7 Reasons to Invest in Index Funds

Index funds are a very interesting investment product.

I like index funds because they are simple.

Here are 7 reasons to invest in an index fund.

1) It is low cost.

An index fund is not something which is managed by a fund manager.

It's like a system that has been set to track a particular index.

It's like a machine.

Since it is completely automated, it is low cost.

And the lower the cost, the better are the returns for the investor.

The fund management expense is very low.

2) It is easy to understand.

There is nothing complicated about investing in an index fund.

Example: if there is an index fund that is tracking the Nifty 50, which comprises the top 50 companies in India, then basically, the fund is investing in the top 50 companies in India, in the same proportion, as they are in the index.

It is as simple as that.

The investor always remains invested in the top 50 companies in India.

So, if one of the companies falls off the index, some other company replaces it.

Essentially, the investor remains in the top 50 companies.

3) It has relatively low risk.

The reason why I say, 'relatively low risk' is because, yes, it is a bit risky.

If you are investing in an equity index fund, you are taking the risk of the markets going up and down.

Even the index can go down 50%, sometimes in a year or two.

However, the risk is 'relatively low'.

One reason I just explained to you.

Example: I invest in an index fund.
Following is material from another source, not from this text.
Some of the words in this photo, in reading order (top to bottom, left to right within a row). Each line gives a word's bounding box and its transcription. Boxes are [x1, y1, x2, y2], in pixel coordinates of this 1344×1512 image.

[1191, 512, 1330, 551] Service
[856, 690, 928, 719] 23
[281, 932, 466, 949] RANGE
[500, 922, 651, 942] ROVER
One of the companies, gets removed from the index. But then there is this other better company that comes into the index.
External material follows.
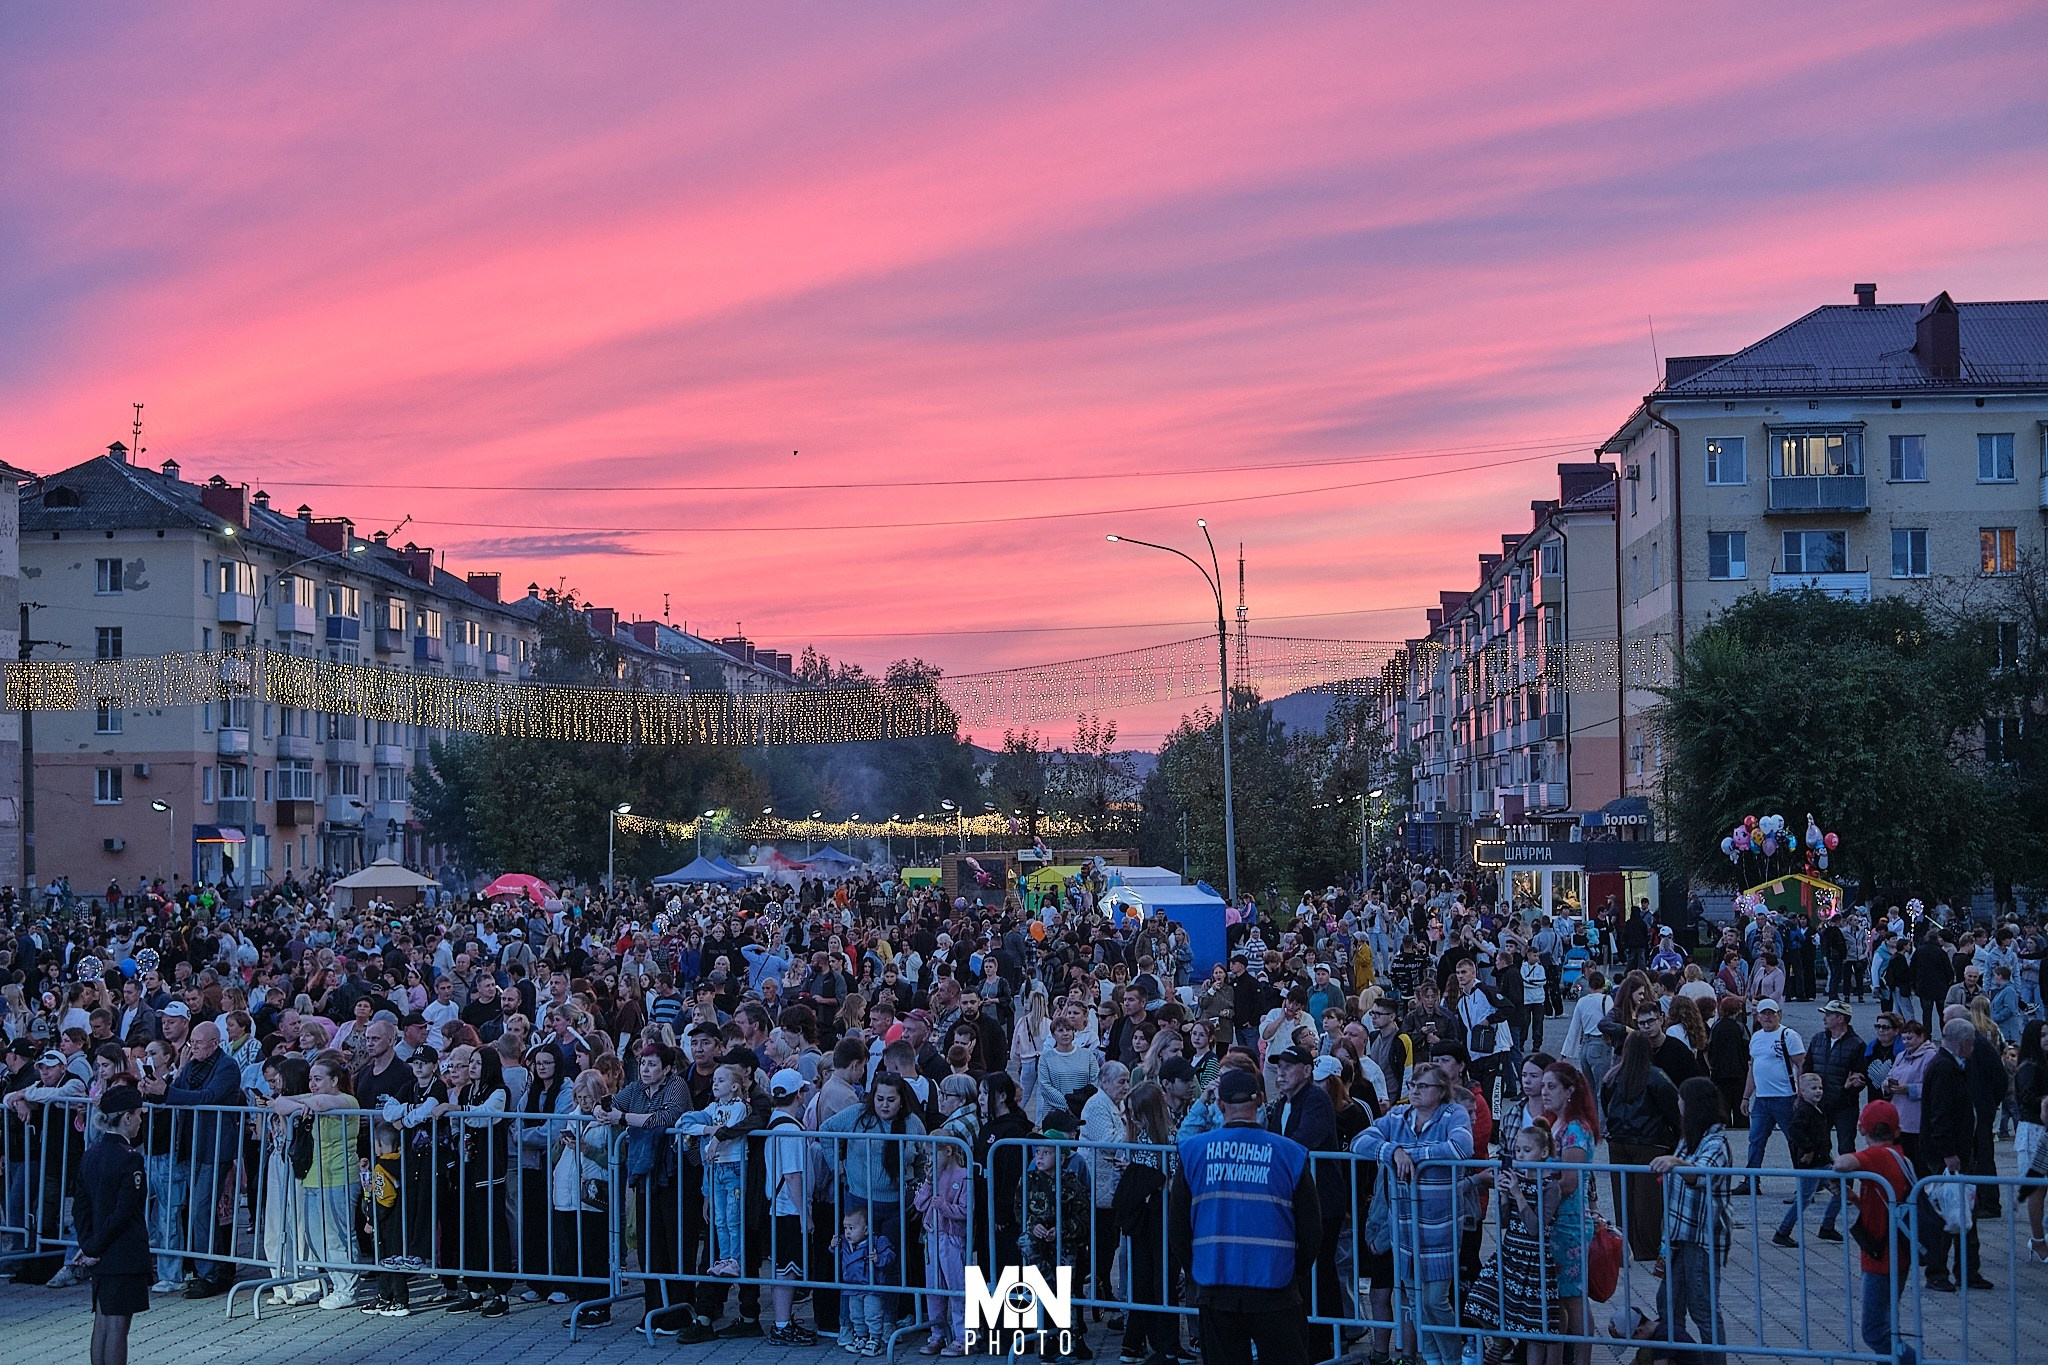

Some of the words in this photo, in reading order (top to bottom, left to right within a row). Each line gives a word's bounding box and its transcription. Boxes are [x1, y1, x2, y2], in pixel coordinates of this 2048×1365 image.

That way, my risk goes down.

4) Zero human error.

As I said earlier, an index fund is something which is not managed by a fund manager.

If I am a fund manager, I am taking a view on the future.

And my view on the future can be wrong.

Sometimes, it can be right as well.

But chances are always there that, my view might go wrong.

Those chances are not there in an index fund, because it is not managed by a fund manager.

It is simply tracking an index.

There is zero human error.

One fund manager might have an optimistic view of the future.

Another fund manager might have a pessimistic view of the future.

One of them may be right, one of them may be wrong.

Who knows what is going to happen in the future.

In an index fund, I at least know that, I am taking a bet on the top 50 or 30 companies through that particular index.

I am not worried about what people feel about the future.

5) It saves time.

This is very important.

If I am an investor and I want to invest in a particular company, I will have to study its balance sheet, I will have to study the management of the company, I will have to study the industry, the competition, the products, the business, the services.

I will have to look at a lot of variables to come to a reasonable conclusion that, this company is worth investing, at that particular price.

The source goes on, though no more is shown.